Optimal Surface Parameterization Using Inverse Curvature Map


IEEE TVCG 2008
Yongliang Yang, Junho Kim, Feng Luo, Shimin Hu and Xianfeng Gu
Mesh parameterization is a fundamental technique in computer graphics. The major goals during mesh parameterization are to minimize both the angle distortion and the area distortion. Angle distortion can be eliminated by the use of conformal mapping, in principle.

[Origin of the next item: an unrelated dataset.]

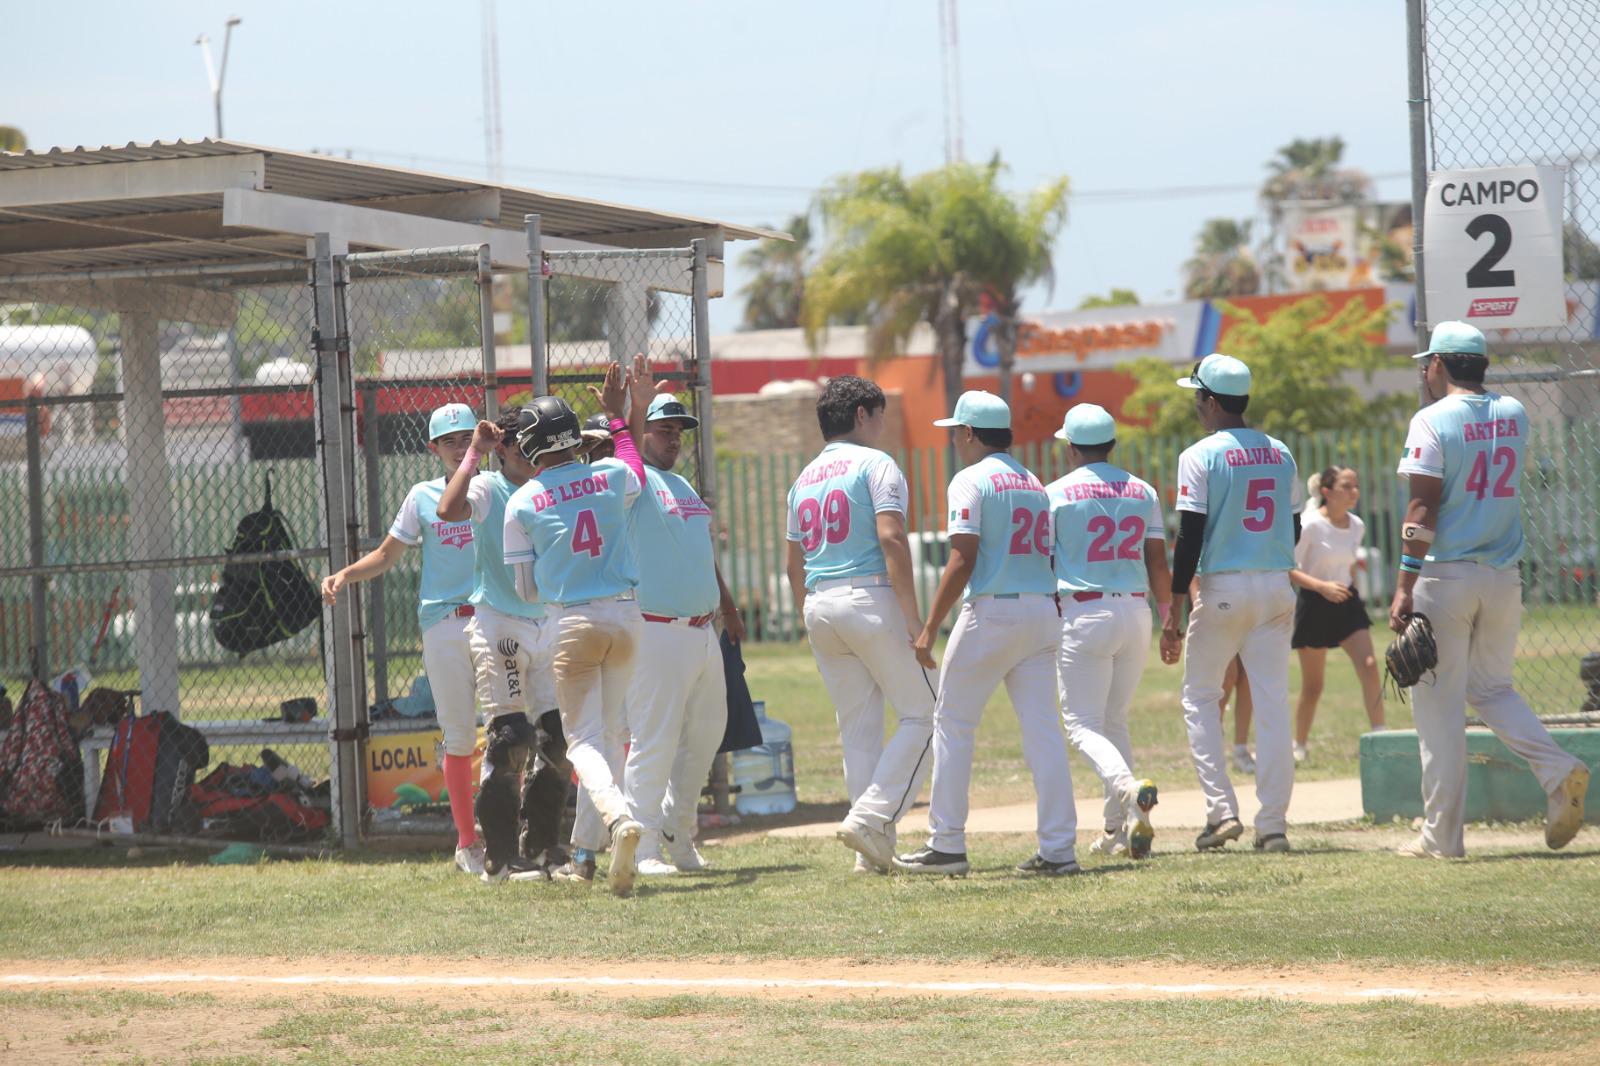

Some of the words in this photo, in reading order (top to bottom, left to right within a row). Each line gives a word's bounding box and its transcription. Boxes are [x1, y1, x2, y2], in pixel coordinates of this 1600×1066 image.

Our paper focuses on solving the problem of finding the best discrete conformal mapping that also minimizes area distortion. Firstly, we deduce an exact analytical differential formula to represent area distortion by curvature change in the discrete conformal mapping, giving a dynamic Poisson equation. On a mesh, the vertex curvature is related to edge lengths by the curvature map. Our result shows the map is invertible, i.e. the edge lengths can be computed from the curvature (by integration). Furthermore, we give the explicit Jacobi matrix of the inverse curvature map. Secondly, we formulate the task of computing conformal parameterizations with least area distortions as a constrained nonlinear optimization problem in curvature space. We deduce explicit conditions for the optima. Thirdly, we give an energy form to measure the area distortions, and show that it has a unique global minimum. We use this to design an efficient algorithm, called free boundary curvature diffusion, which is guaranteed to converge to the global minimum; it has a natural physical interpretation. This result proves the common belief that optimal parameterization with least area distortion has a unique solution and can be achieved by free boundary conformal mapping. Major theoretical results and practical algorithms are presented for optimal parameterization based on the inverse curvature map. Comparisons are conducted with existing methods and using different energies. Novel parameterization applications are also introduced. The theoretical framework of the inverse curvature map can be applied to further study discrete conformal mappings.